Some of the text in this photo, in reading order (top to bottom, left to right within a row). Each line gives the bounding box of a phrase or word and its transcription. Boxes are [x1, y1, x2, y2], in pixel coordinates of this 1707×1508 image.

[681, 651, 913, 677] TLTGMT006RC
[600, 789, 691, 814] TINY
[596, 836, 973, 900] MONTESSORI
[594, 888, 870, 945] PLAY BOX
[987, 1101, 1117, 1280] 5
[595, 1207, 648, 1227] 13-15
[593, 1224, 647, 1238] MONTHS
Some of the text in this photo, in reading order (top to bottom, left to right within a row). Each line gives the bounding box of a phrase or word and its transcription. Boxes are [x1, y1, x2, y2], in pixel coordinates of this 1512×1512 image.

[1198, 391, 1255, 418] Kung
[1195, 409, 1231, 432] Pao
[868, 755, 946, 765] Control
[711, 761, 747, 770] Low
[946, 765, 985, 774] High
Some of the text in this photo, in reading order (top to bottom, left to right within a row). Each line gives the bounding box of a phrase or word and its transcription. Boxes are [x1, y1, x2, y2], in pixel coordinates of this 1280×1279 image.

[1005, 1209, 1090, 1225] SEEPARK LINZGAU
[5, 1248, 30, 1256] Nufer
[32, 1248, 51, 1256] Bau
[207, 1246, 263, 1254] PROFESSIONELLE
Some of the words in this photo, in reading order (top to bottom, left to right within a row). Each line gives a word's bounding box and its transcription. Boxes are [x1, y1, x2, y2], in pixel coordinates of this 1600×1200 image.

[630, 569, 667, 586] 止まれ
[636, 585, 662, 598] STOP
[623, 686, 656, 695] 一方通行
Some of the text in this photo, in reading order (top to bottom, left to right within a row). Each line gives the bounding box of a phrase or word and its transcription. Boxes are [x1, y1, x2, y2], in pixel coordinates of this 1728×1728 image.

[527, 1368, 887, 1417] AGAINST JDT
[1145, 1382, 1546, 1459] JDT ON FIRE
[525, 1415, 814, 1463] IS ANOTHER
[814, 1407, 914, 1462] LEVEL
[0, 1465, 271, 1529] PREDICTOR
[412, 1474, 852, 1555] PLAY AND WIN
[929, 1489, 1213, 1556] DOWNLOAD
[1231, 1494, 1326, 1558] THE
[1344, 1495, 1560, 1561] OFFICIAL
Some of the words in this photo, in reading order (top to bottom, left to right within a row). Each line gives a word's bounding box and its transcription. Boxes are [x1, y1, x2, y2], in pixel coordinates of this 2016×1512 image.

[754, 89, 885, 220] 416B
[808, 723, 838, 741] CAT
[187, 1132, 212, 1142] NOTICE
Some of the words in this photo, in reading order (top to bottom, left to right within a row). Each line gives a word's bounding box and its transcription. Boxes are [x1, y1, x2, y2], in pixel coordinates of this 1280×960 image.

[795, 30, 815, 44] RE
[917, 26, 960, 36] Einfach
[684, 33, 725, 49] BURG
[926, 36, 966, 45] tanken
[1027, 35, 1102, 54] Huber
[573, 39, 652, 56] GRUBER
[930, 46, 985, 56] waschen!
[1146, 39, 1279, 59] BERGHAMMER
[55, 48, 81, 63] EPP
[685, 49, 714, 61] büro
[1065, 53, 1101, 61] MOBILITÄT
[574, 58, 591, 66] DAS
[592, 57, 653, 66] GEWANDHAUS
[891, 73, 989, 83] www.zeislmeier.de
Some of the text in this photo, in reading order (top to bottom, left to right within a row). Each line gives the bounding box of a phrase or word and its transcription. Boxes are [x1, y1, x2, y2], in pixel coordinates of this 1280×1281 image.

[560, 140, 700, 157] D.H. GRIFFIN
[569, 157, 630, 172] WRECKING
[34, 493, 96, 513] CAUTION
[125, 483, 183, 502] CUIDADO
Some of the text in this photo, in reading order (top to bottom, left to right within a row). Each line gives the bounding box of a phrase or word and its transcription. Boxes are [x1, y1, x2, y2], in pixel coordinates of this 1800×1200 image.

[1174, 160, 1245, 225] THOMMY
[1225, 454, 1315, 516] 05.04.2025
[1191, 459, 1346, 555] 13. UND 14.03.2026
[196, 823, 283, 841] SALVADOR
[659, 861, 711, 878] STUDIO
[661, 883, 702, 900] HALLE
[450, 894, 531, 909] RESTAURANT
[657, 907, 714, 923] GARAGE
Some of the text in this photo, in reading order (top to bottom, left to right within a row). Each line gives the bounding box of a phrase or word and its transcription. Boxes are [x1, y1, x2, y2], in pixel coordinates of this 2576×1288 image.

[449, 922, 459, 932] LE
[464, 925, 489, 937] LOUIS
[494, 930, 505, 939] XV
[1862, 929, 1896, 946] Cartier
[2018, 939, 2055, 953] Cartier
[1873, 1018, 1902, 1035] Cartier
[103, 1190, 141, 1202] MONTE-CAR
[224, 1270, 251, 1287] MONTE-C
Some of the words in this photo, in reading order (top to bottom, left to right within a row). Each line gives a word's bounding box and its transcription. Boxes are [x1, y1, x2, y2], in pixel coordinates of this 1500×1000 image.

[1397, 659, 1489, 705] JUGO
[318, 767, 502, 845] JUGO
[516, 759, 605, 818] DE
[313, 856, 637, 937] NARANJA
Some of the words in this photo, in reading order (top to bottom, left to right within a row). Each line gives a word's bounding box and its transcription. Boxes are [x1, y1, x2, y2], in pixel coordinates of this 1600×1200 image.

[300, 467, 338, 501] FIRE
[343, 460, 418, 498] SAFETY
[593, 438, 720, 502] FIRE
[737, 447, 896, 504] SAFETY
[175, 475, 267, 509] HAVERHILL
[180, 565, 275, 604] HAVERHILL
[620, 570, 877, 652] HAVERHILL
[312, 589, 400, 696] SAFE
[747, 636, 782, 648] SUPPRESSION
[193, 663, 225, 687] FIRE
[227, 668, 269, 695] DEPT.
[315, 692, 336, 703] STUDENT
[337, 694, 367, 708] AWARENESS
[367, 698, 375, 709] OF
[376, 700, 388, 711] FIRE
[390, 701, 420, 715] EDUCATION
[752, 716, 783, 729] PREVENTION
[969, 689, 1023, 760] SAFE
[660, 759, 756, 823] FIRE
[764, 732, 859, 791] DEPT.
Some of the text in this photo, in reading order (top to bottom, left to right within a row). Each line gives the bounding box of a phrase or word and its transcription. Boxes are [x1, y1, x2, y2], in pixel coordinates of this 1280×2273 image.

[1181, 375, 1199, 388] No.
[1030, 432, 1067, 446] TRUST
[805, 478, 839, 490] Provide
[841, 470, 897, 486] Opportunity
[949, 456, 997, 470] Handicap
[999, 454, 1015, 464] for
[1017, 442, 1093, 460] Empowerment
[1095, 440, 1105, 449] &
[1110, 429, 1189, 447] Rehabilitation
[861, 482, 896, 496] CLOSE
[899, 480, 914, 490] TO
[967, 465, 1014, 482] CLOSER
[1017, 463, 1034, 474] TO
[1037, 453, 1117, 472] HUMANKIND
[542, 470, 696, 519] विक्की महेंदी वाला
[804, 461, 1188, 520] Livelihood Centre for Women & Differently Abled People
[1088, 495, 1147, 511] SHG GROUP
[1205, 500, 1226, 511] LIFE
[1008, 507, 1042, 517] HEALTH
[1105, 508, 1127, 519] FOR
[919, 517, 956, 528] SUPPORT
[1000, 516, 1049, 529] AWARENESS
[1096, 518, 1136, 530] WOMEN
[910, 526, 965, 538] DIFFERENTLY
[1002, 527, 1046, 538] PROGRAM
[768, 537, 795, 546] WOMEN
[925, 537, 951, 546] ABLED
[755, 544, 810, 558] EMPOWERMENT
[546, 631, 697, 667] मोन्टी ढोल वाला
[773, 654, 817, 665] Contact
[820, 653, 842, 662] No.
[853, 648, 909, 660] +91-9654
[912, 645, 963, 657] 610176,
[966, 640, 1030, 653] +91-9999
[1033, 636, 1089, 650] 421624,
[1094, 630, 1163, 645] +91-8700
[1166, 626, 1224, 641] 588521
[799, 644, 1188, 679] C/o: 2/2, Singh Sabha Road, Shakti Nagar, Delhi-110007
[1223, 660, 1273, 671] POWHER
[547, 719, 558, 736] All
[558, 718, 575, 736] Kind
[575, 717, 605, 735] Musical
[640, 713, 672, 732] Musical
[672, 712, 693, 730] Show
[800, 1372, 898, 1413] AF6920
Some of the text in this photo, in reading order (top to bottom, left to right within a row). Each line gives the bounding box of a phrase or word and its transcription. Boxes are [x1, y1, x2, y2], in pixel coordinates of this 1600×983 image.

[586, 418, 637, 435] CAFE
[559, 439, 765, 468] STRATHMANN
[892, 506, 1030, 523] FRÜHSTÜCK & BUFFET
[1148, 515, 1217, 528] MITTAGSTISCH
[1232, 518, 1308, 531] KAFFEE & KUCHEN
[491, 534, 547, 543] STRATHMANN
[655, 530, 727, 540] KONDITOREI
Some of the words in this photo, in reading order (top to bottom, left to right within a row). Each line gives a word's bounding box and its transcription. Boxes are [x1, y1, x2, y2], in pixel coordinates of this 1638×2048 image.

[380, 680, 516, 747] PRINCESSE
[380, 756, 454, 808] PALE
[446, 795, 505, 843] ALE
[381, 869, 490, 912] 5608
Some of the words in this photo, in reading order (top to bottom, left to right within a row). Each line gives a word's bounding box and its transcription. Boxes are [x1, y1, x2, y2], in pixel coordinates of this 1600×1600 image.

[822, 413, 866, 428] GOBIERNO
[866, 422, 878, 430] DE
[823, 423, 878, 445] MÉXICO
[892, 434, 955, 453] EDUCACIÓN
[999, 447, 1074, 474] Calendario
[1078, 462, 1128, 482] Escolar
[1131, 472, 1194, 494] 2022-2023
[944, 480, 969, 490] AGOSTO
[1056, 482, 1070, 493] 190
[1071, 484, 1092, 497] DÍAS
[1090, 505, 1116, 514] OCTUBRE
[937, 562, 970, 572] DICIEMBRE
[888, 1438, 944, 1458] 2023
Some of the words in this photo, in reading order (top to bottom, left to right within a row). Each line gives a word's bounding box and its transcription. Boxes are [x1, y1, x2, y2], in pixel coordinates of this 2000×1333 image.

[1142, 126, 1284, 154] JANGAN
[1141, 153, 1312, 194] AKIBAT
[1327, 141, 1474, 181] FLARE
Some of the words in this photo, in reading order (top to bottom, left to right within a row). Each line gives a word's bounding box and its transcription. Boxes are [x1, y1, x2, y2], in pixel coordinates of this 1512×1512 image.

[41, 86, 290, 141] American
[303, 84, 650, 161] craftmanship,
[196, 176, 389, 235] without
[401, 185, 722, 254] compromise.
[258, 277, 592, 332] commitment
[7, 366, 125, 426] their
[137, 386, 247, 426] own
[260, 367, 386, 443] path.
---+---
WHAT YOU WILL DO: Exact retyping is required: the line with "this 1600×1600 image." through the end of the data, both ends included, and no other line.

EXPECTED ANSWER:
Some of the words in this photo, in reading order (top to bottom, left to right within a row). Each line gives a word's bounding box and its transcription. Boxes are [x1, y1, x2, y2], in pixel coordinates of this 1600×1600 image.

[822, 413, 866, 428] GOBIERNO
[866, 422, 878, 430] DE
[823, 423, 878, 445] MÉXICO
[892, 434, 955, 453] EDUCACIÓN
[999, 447, 1074, 474] Calendario
[1078, 462, 1128, 482] Escolar
[1131, 472, 1194, 494] 2022-2023
[944, 480, 969, 490] AGOSTO
[1056, 482, 1070, 493] 190
[1071, 484, 1092, 497] DÍAS
[1090, 505, 1116, 514] OCTUBRE
[937, 562, 970, 572] DICIEMBRE
[888, 1438, 944, 1458] 2023
Some of the words in this photo, in reading order (top to bottom, left to right within a row). Each line gives a word's bounding box and its transcription. Boxes are [x1, y1, x2, y2], in pixel coordinates of this 2000×1333 image.

[1142, 126, 1284, 154] JANGAN
[1141, 153, 1312, 194] AKIBAT
[1327, 141, 1474, 181] FLARE
Some of the words in this photo, in reading order (top to bottom, left to right within a row). Each line gives a word's bounding box and its transcription. Boxes are [x1, y1, x2, y2], in pixel coordinates of this 1512×1512 image.

[41, 86, 290, 141] American
[303, 84, 650, 161] craftmanship,
[196, 176, 389, 235] without
[401, 185, 722, 254] compromise.
[258, 277, 592, 332] commitment
[7, 366, 125, 426] their
[137, 386, 247, 426] own
[260, 367, 386, 443] path.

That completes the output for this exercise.